▶ [ASSIGNMENT]
Return the entries that follow exactly, with no images.

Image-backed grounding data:
■ ■ ■ ■ ■
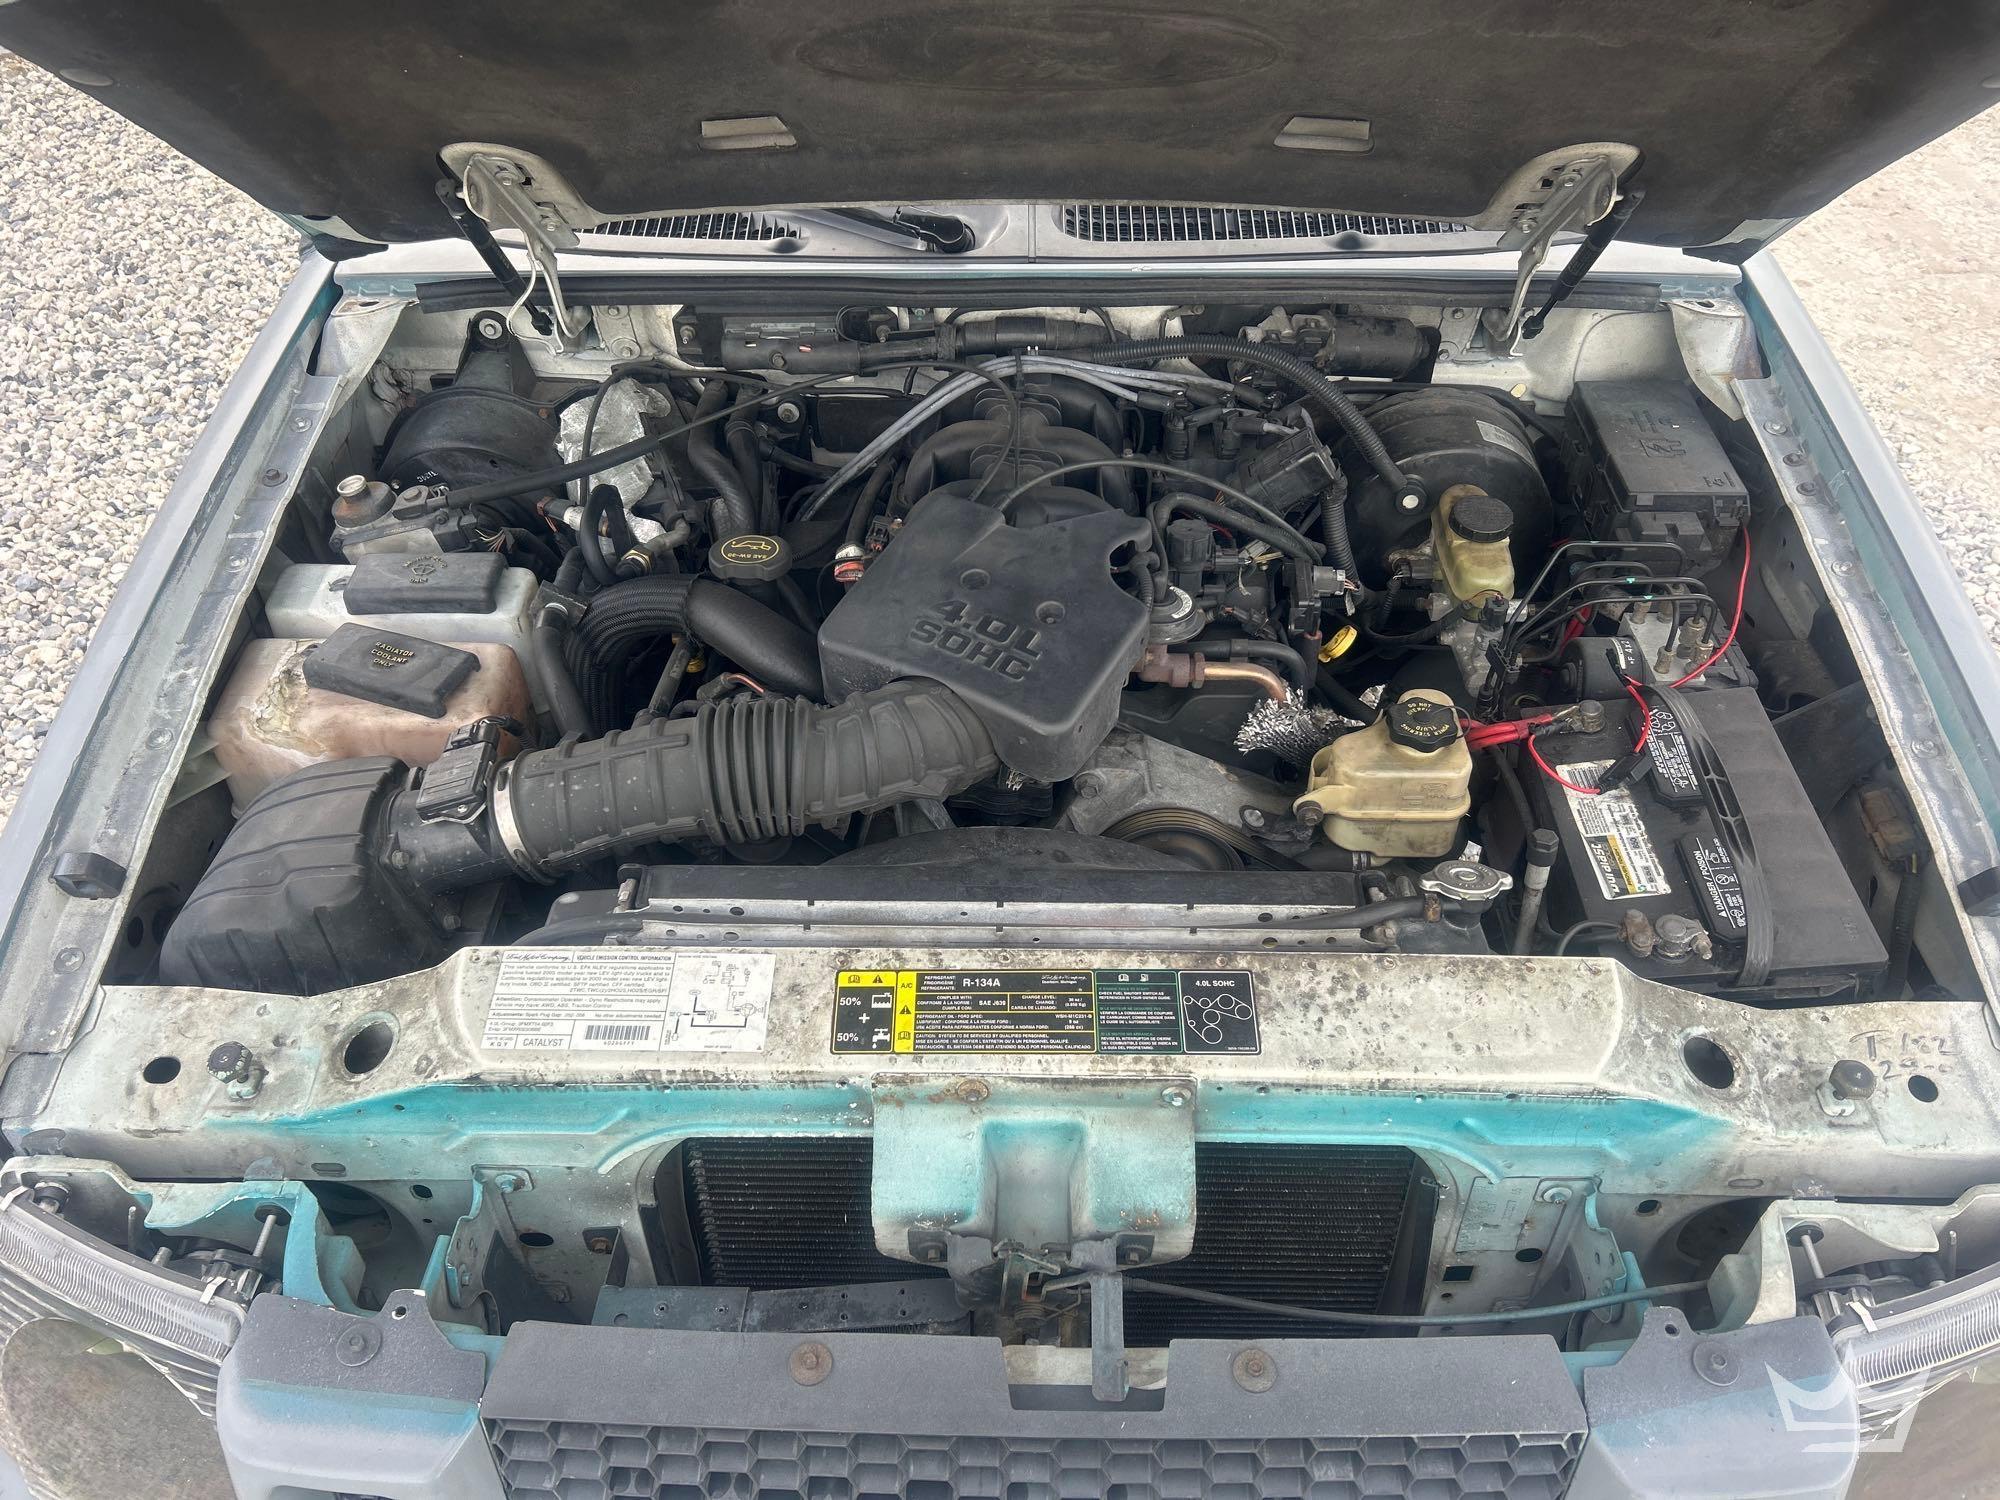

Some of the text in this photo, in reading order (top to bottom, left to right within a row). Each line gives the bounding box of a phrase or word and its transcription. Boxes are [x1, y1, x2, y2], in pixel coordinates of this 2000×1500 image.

[930, 599, 1042, 661] 4.0L
[371, 648, 408, 663] COOLANT
[375, 641, 416, 658] RADIATOR
[910, 619, 1033, 682] SOHC
[373, 658, 393, 668] ONLY
[1693, 850, 1710, 876] POISON
[1708, 881, 1726, 912] DANGER
[962, 978, 1000, 988] R-134A
[840, 997, 861, 1006] 50%
[522, 1038, 564, 1046] CATALYST
[836, 1032, 859, 1042] 50%
■ ■ ■ ■ ■
▶ [ANSWER FOR THE TASK]
Some of the text in this photo, in reading order (top to bottom, left to right within a row). Each line gives the bounding box of a phrase or word and its transcription. Boxes are [x1, y1, x2, y2], in pixel coordinates of this 2000×1500 image.

[930, 599, 1042, 661] 4.0L
[371, 648, 408, 663] COOLANT
[375, 641, 416, 658] RADIATOR
[910, 619, 1033, 682] SOHC
[373, 658, 393, 668] ONLY
[1693, 850, 1710, 876] POISON
[1708, 881, 1726, 912] DANGER
[962, 978, 1000, 988] R-134A
[840, 997, 861, 1006] 50%
[522, 1038, 564, 1046] CATALYST
[836, 1032, 859, 1042] 50%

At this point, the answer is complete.